REQUIRED WORK: Please transcribe all of the entries exactly, leaving out any images.

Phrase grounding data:
---*---

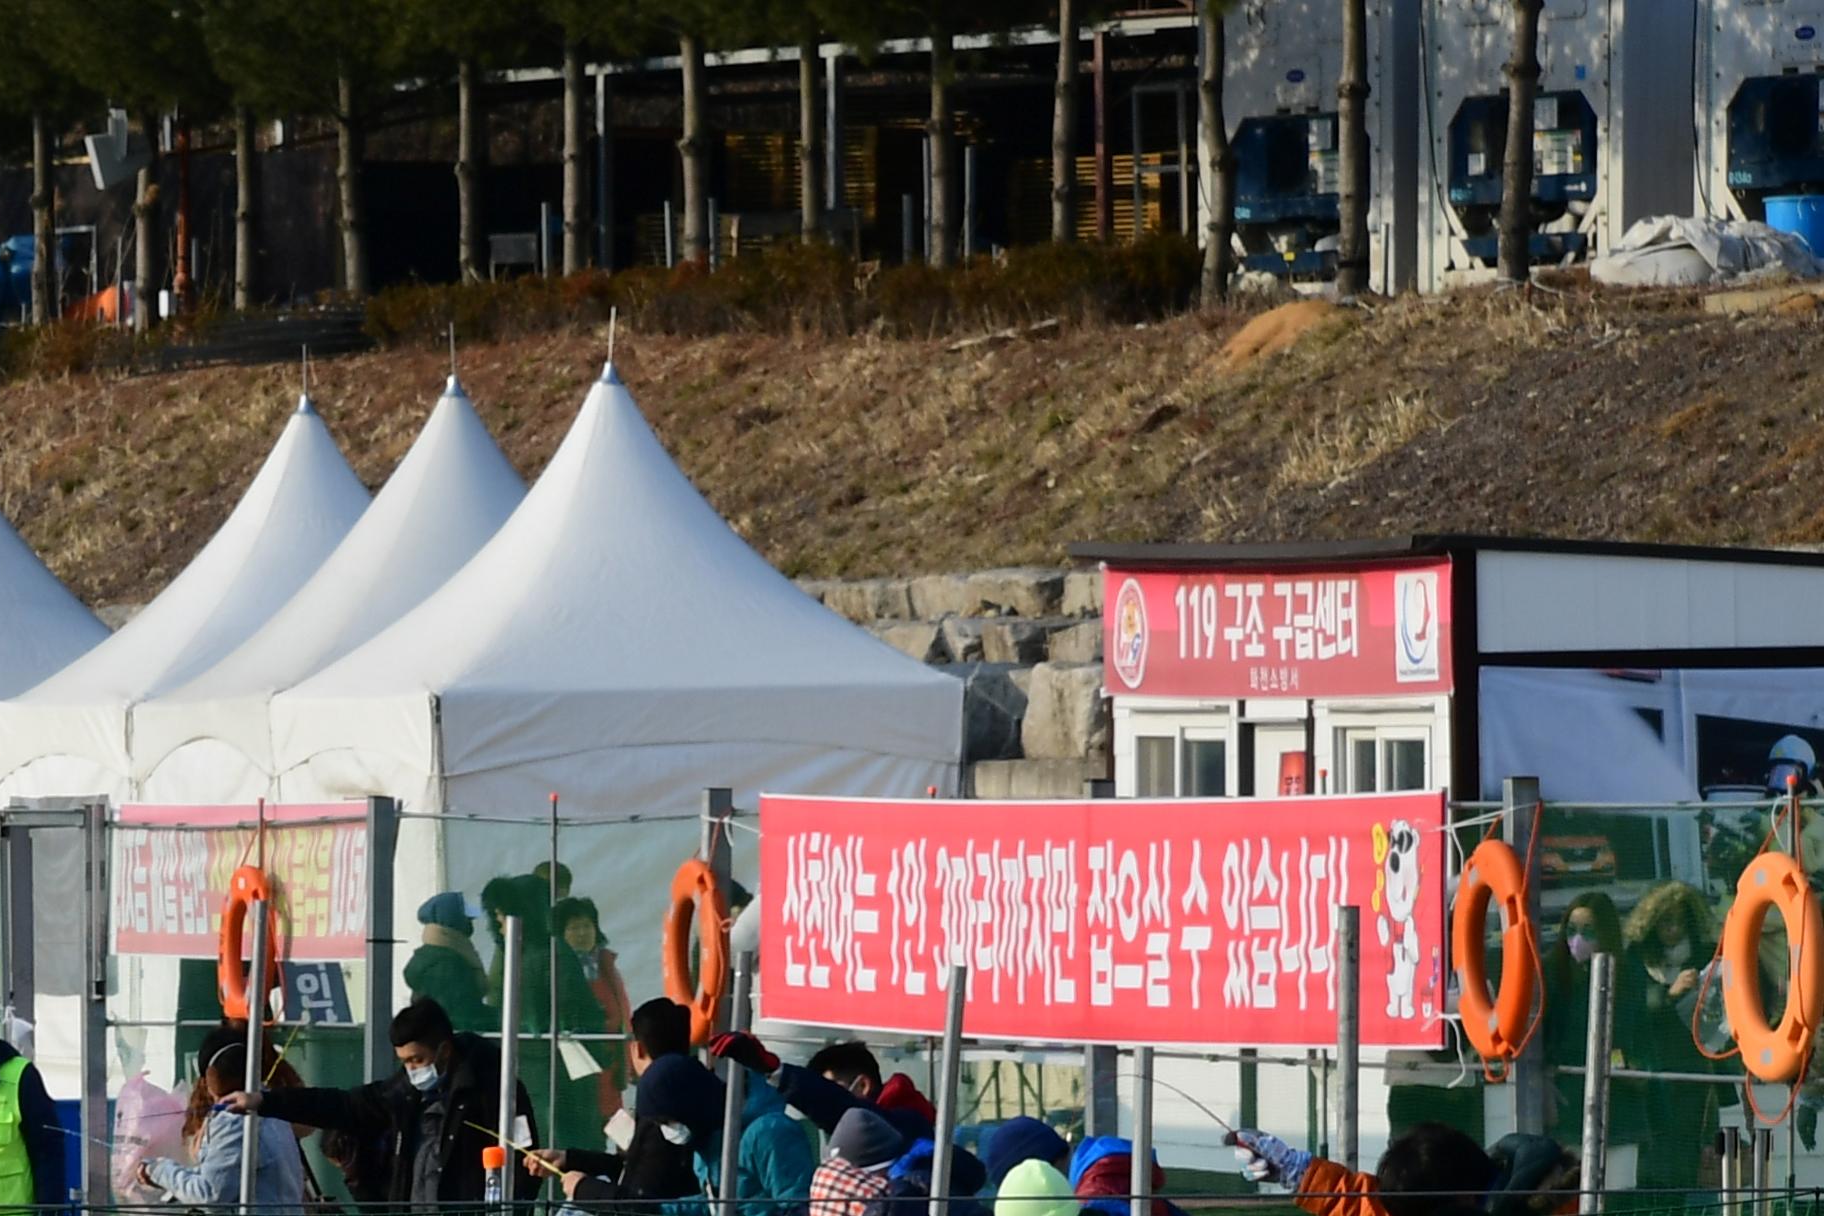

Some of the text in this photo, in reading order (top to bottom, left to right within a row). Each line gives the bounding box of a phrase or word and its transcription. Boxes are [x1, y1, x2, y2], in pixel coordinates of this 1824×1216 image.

[1175, 579, 1359, 662] 119 구조 구급센터
[1249, 666, 1300, 692] 화천소방서
[782, 831, 879, 994] 산천어는
[887, 837, 927, 996] 1인
[933, 838, 1079, 1007] 3마리까지만
[1087, 839, 1172, 1008] 잡으실
[1181, 839, 1213, 1010] 수

---*---

OUTPUT:
Some of the text in this photo, in reading order (top to bottom, left to right within a row). Each line gives the bounding box of a phrase or word and its transcription. Boxes are [x1, y1, x2, y2], in pixel coordinates of this 1824×1216 image.

[1175, 579, 1359, 662] 119 구조 구급센터
[1249, 666, 1300, 692] 화천소방서
[782, 831, 879, 994] 산천어는
[887, 837, 927, 996] 1인
[933, 838, 1079, 1007] 3마리까지만
[1087, 839, 1172, 1008] 잡으실
[1181, 839, 1213, 1010] 수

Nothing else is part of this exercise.